■ PROBLEM TO WORK ON
Identify all lines in the data containing the string "Aerodrome". Copy them out.

Annotated photo localization data:

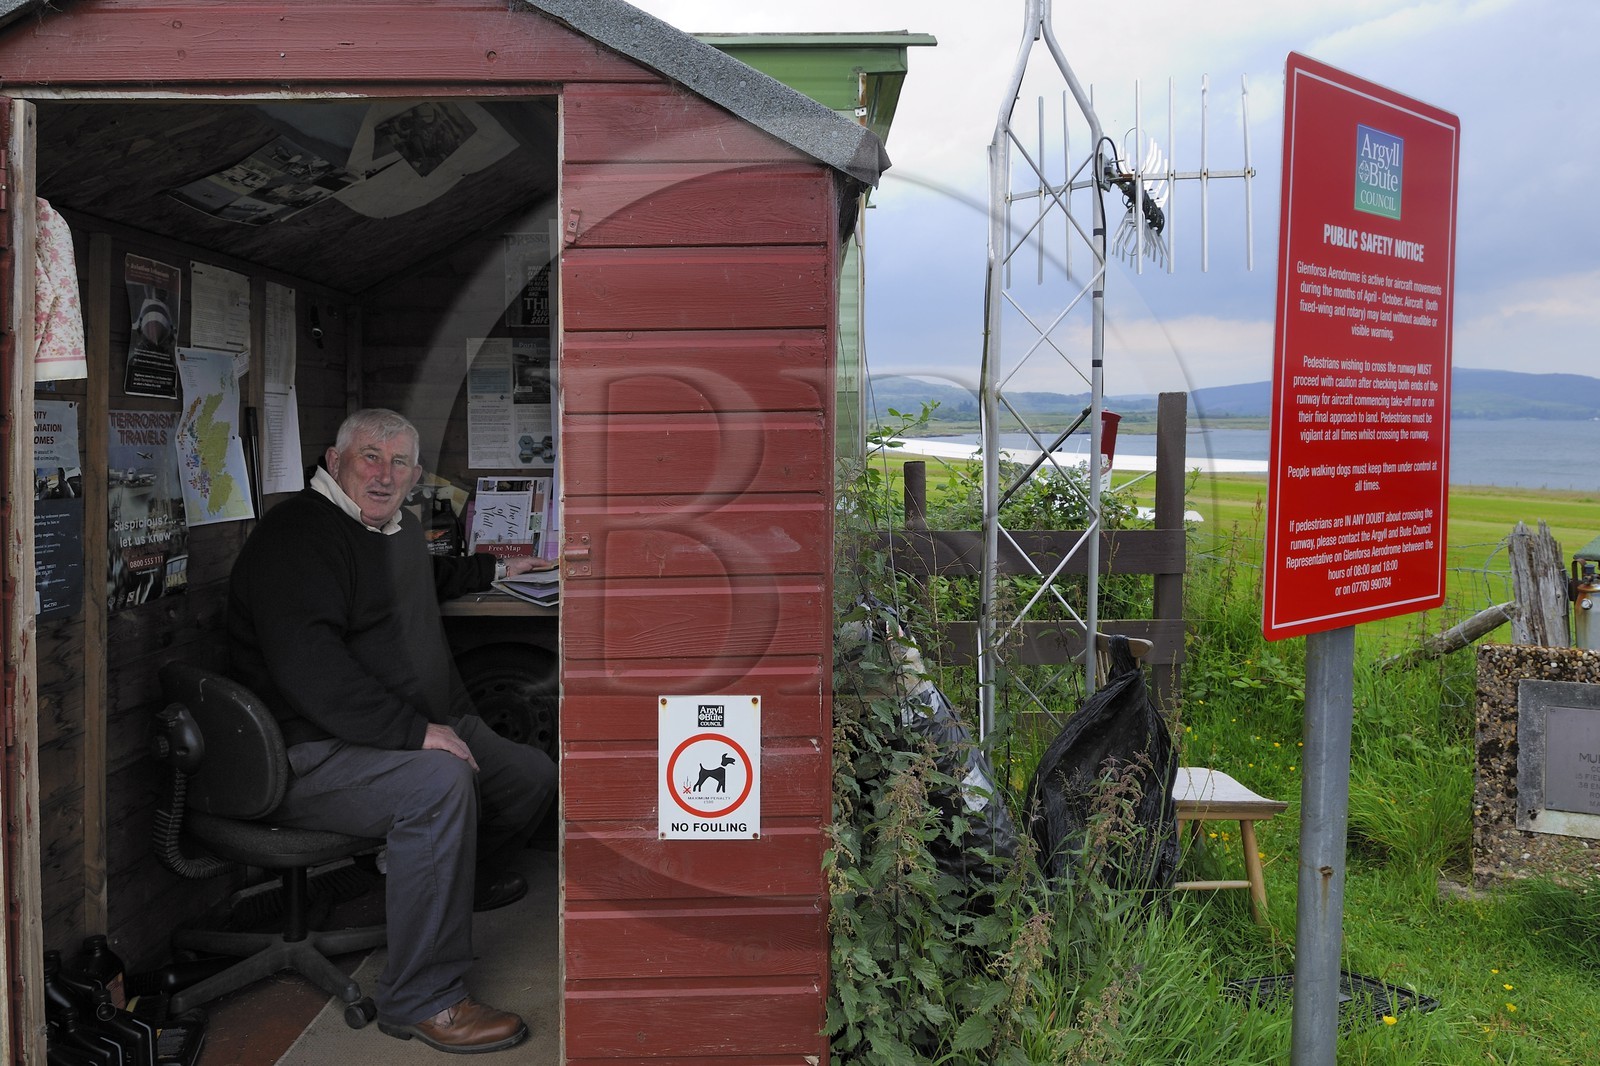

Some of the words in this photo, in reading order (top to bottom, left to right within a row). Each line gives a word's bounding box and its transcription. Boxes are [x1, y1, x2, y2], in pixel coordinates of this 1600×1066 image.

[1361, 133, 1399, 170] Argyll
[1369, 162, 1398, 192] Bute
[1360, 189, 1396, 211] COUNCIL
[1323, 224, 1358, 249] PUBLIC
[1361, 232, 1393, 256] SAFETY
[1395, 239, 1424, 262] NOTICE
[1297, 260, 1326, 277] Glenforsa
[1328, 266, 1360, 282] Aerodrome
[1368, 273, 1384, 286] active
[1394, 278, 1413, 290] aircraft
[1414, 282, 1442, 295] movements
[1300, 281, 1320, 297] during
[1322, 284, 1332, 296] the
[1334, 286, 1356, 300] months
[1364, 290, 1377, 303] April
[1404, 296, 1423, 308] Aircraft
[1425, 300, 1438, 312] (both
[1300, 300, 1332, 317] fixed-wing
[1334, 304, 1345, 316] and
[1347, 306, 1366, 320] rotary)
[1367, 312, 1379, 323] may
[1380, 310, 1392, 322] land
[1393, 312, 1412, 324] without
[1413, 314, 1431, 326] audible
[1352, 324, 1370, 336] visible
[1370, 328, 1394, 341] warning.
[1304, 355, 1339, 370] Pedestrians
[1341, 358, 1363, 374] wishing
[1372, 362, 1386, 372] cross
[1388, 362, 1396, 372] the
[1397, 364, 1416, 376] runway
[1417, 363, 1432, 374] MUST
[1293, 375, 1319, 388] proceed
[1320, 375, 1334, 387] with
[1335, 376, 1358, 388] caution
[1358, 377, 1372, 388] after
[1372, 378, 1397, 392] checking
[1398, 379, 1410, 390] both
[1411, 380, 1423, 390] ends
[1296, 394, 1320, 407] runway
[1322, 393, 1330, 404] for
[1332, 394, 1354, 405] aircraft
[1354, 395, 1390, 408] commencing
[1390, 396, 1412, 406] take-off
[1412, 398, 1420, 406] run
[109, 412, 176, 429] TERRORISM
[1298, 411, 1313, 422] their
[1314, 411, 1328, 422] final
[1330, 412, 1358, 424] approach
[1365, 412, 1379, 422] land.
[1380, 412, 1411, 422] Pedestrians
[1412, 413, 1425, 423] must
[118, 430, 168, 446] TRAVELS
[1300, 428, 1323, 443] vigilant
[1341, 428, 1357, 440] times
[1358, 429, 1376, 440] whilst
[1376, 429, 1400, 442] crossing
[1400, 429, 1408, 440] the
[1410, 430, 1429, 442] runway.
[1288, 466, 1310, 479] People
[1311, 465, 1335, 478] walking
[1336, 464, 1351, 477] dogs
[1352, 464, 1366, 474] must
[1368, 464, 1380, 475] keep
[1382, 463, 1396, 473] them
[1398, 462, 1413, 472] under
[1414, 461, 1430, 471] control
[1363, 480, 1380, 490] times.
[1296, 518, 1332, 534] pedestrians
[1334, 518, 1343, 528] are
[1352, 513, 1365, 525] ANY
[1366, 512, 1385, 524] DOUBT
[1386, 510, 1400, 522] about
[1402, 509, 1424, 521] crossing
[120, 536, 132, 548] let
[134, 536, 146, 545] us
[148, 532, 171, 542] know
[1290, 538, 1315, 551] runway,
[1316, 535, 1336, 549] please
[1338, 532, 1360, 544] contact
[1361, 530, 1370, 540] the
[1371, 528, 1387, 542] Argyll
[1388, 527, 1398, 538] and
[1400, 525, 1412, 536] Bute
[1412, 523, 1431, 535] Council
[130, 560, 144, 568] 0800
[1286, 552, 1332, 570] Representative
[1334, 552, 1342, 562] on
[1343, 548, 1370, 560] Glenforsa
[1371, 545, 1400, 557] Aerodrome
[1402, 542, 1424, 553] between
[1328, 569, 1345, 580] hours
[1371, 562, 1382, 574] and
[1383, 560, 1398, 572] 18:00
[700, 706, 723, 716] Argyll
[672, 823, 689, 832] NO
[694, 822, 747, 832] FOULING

■ ANSWER
[1328, 266, 1360, 282] Aerodrome
[1371, 545, 1400, 557] Aerodrome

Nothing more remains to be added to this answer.